CIMG1177light.jpgHow many poet laureates does it take... The Dresser is sure you can complete the joke without her help. Former Poet Laureate of the United States Billy Collins (2001-2003) quipped that he and the other Laureates--Rita Dove (1993-1995), Daniel Hoffman (1973-1974), Maxine Kumin (1981-1982), Kay Ryan (2008-2010), Charles Simic (2007-2008) and Mark Strand (1990-1991), who were waiting back stage of the packed Coolidge Auditorium, could certainly handle the job of changing that problematic light bulb. The Dresser thought to herself, the stage looked awfully bare with only one poet luminary on stage at a time, though certainly each was a beacon in his or her own way.

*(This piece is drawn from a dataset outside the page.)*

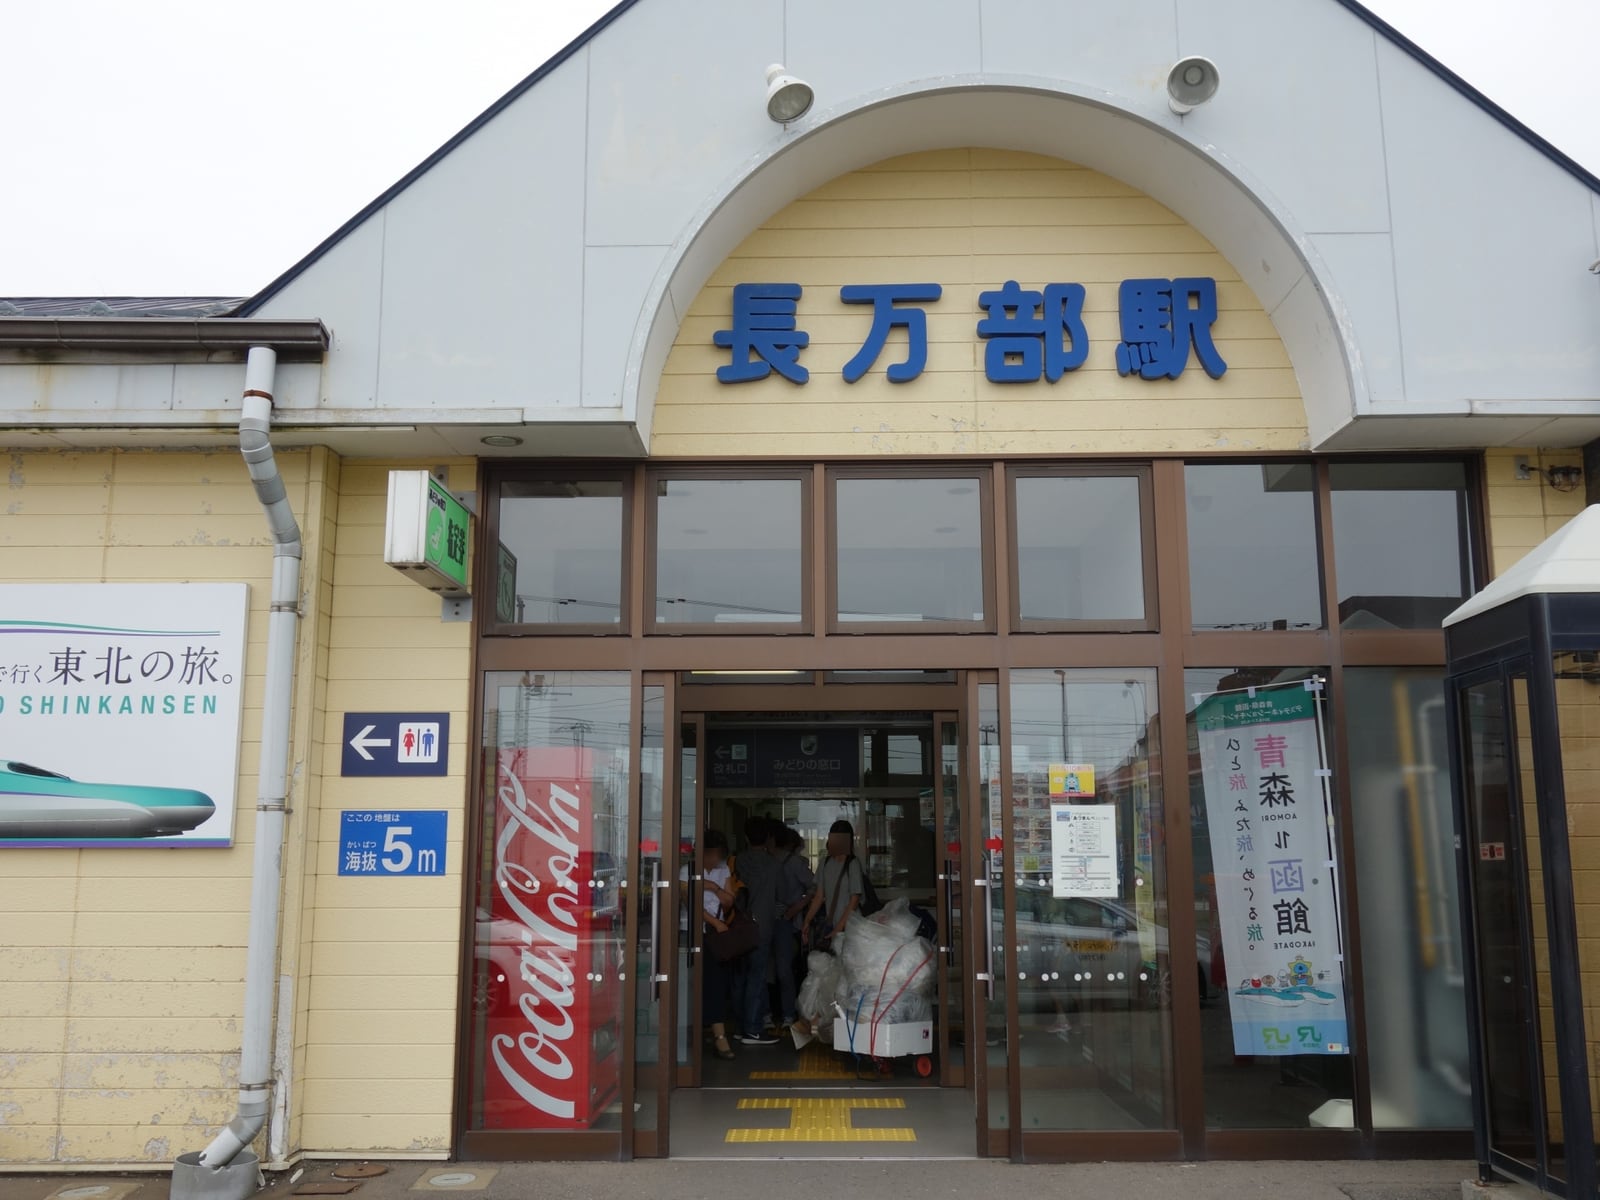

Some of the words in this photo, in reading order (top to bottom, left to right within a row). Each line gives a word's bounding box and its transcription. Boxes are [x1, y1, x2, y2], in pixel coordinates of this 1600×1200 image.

The purpose of the evening was to launch The Poets Laureate Anthology, a new collection featuring all 43 poets who rose to national attention from 1937 to the current day as either Consultant in Poetry to the Library of Congress or Poet Laureate Consultant in Poetry. Archibald MacLeish, a poet himself, created the Consultant in Poetry position when he was Librarian of Congress. Elizabeth Hun Schmidt, a former poetry editor at the New York Times Book Review and a professor American literature at Sarah Lawrence College, is the editor of this collection, which is a co-publication of the Library of Congress and W. W. Norton. Billy Collins wrote the foreword.CIMG1170Collins.jpg

What was telling about the evening which was sponsored by the LOC, Norton and Poetry Society of American, was that James Billington, the current Librarian of Congress, and Carolyn T. Brown, Director of the Office of Scholarly Programs, wanted the audience to have fun and invest in their 762-page book featuring some of America's finest poets. Lucky for the Library, the first Laureate of the alphabet for this program was Billy Collins, a popular poet with a flair for showmanship. He immediately said that one of his role models for humor was Howard Nemerov, a poet who served as Consultant in Poetry twice (1963-1964 and 1988-1990). Collins read Nemerov's poem, "Money: An Introductory Lecture." Here is how this poem opens.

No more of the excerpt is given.